A run by Barr could be to John McCain "what Ralph Nader was to Al Gore -- ruinous," wrote George Will in
Newsweek. Some party experts believe Barr could siphon off essential conservative votes from Sen. John McCain, about whom many rightward voters have been less than enthusiastic....

I don't see it.

First of all, Nader was a star. He was an aging star years past his prime, but he was a big enough name to get media attention, and a lot of people cast votes for him in part as a lifetime achievement award. Bob Barr had a brief moment in the spotlight, but, unlike Nader, he's never really been a star.

(You can become a star in the course of a campaign -- Barack Obama and Ron Paul did so this time around -- but there's no evidence that Barr has either Obama's charisma or Paul's Howard Beale mad-prophet appeal.)

Beyond that, you have to realize that most Nader voters in 2000 felt nostalgia for (or wished they hadn't been born too late to experience) the '60s days when lefties fought the system from the outside. The lost glory days for most right-wingers were when they saw themselves dominating the system -- led by Reagan, or by Gingrich in Congress, or maybe by Bush in his first term. Most right-wingers don't want to stick a thumb in the system's eye -- they want to be the system.

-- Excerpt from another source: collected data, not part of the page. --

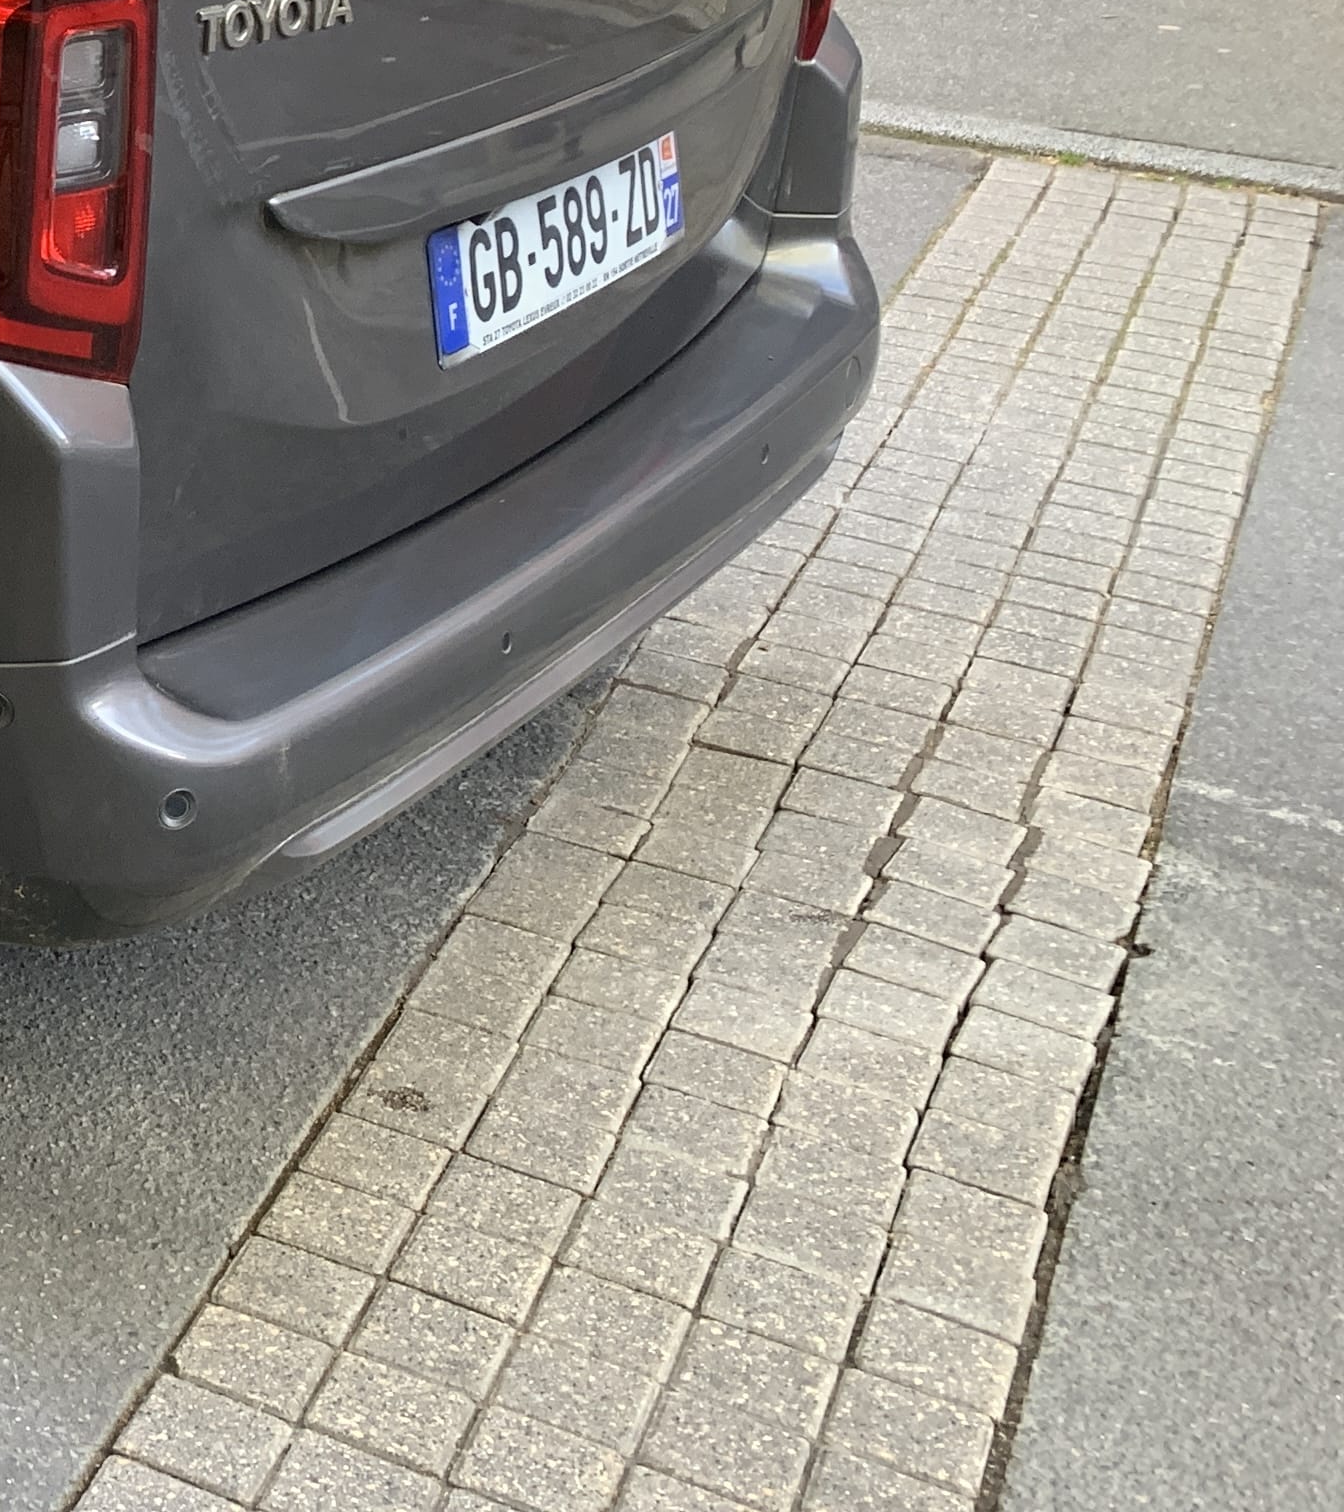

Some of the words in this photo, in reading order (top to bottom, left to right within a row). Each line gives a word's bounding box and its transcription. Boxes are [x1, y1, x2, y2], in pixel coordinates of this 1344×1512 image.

[664, 182, 679, 228] 27
[468, 146, 660, 323] GB-589-ZD
[448, 302, 458, 331] F
[501, 319, 522, 335] TOYOTA
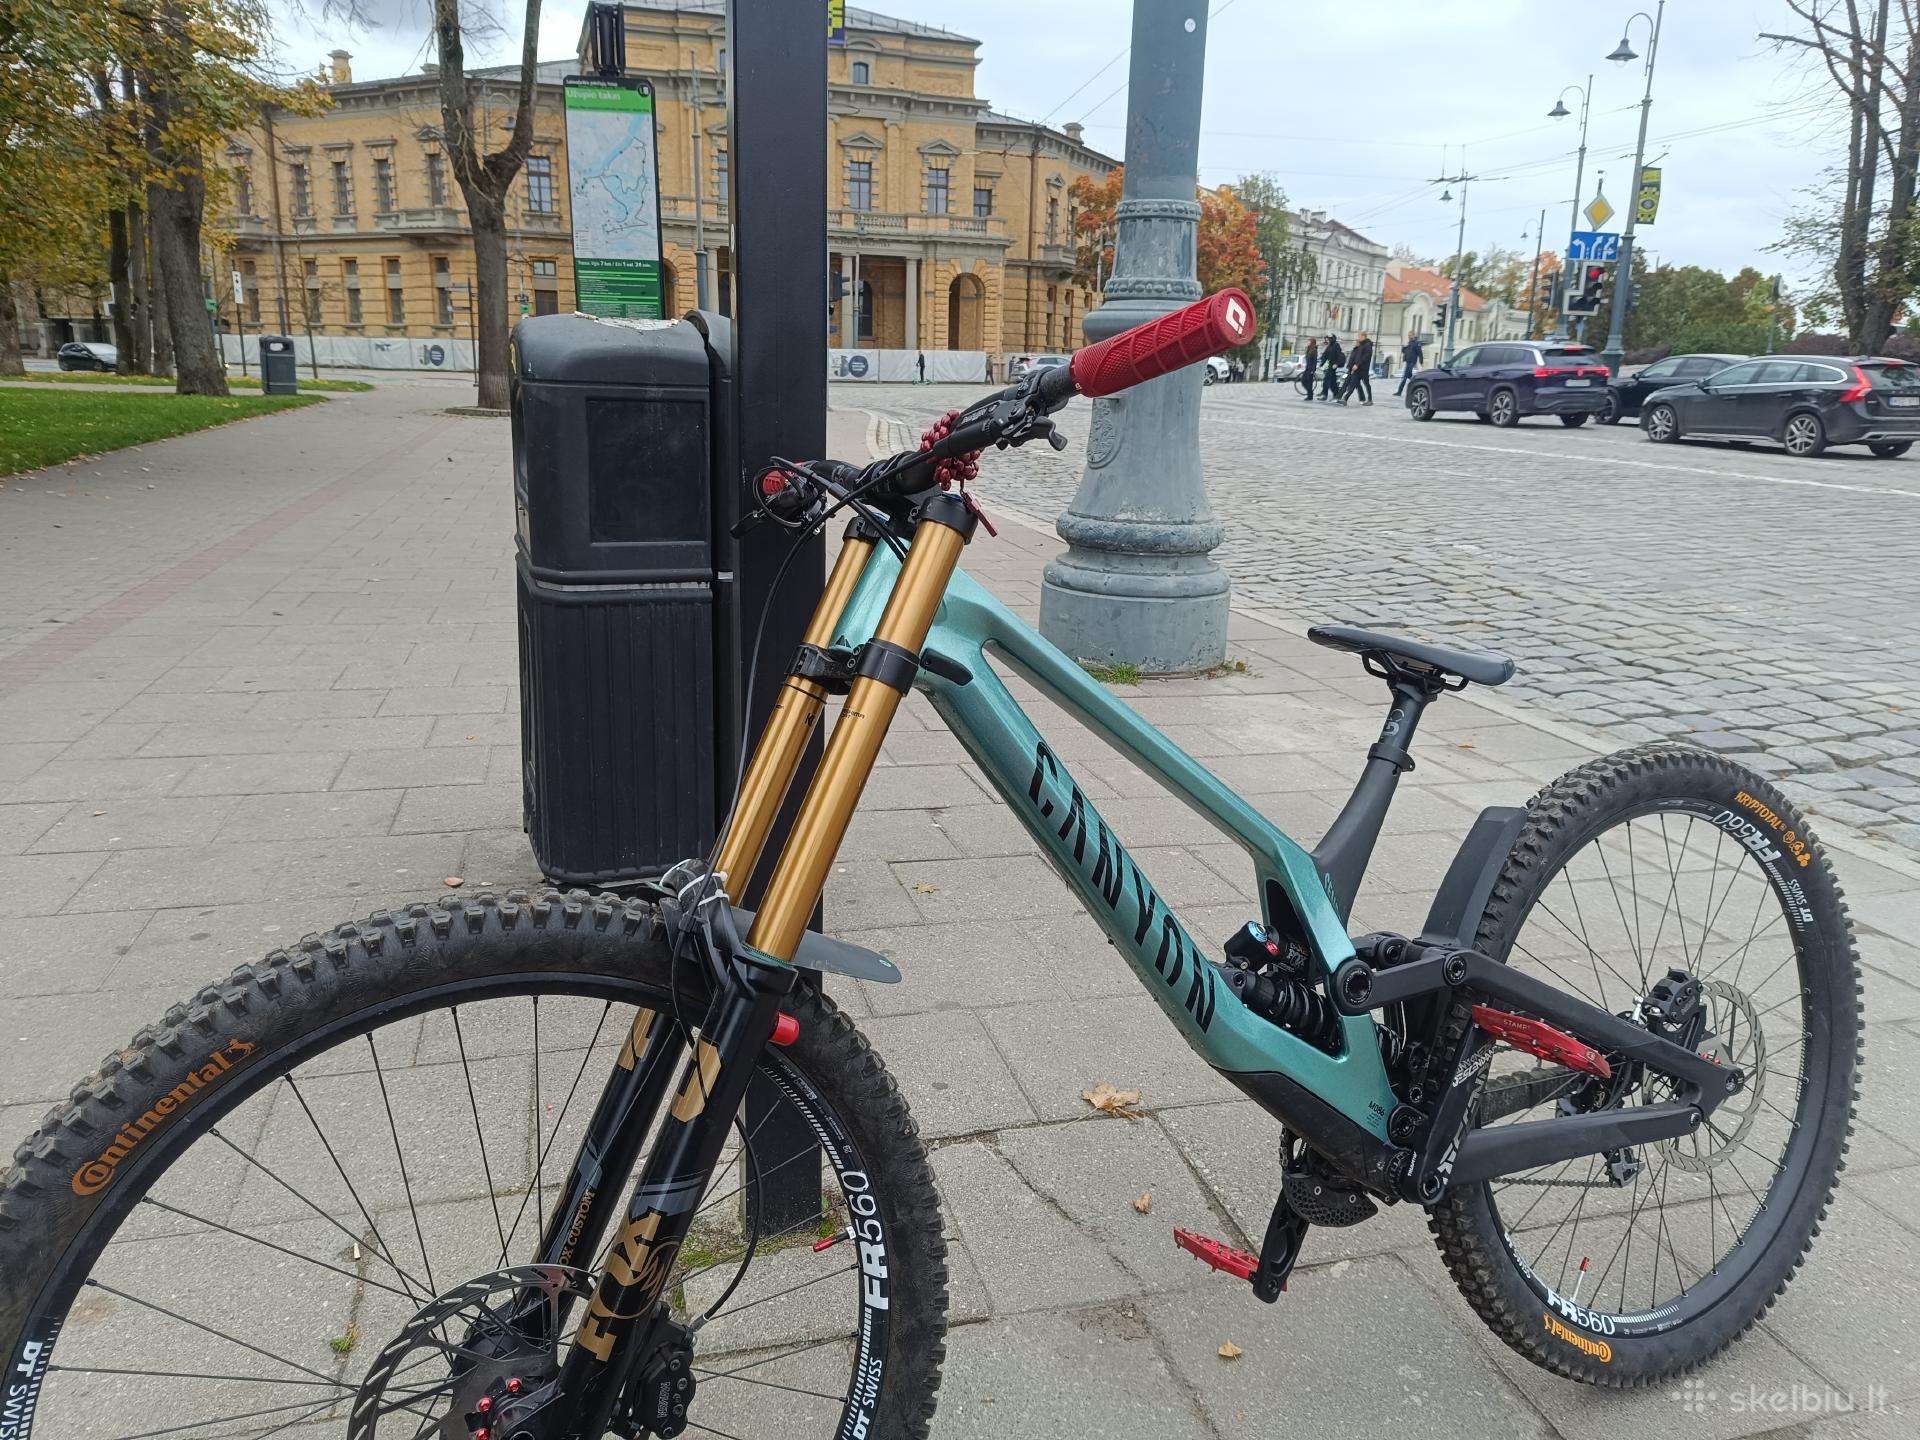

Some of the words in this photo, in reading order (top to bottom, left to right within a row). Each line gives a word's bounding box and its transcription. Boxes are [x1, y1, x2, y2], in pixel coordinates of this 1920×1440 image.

[1712, 810, 1782, 863] FR560
[1734, 791, 1781, 831] KRYPTOTAL
[1029, 741, 1216, 1035] CANYON
[1787, 878, 1808, 906] SWISS
[1800, 906, 1814, 923] DT
[71, 1052, 234, 1196] Continental
[568, 1186, 597, 1247] CUSTOM
[841, 1170, 889, 1310] FR560
[576, 1212, 678, 1363] FOX
[1546, 1286, 1616, 1336] FR560
[17, 1341, 43, 1378] DT
[1550, 1324, 1612, 1363] Continental
[0, 1384, 28, 1440] SWIS
[853, 1409, 871, 1440] DT
[862, 1355, 883, 1409] SWISS

I could be wrong, but I'm not expecting much help from Barr. It's hard to imagine Barr going from right-wing college campus to right-wing college campus, packing halls and winning the enthusiastic backing of right-wing gospel and country music superstars. It's hard to imagine the press accusing McCain of violating his principles by refusing to debate Barr. It's hard to imagine the "liberal media" acting as an adjunct to the Democratic Party by lavishing attention on Barr, or Democrats being savvy enough to help fund his campaign.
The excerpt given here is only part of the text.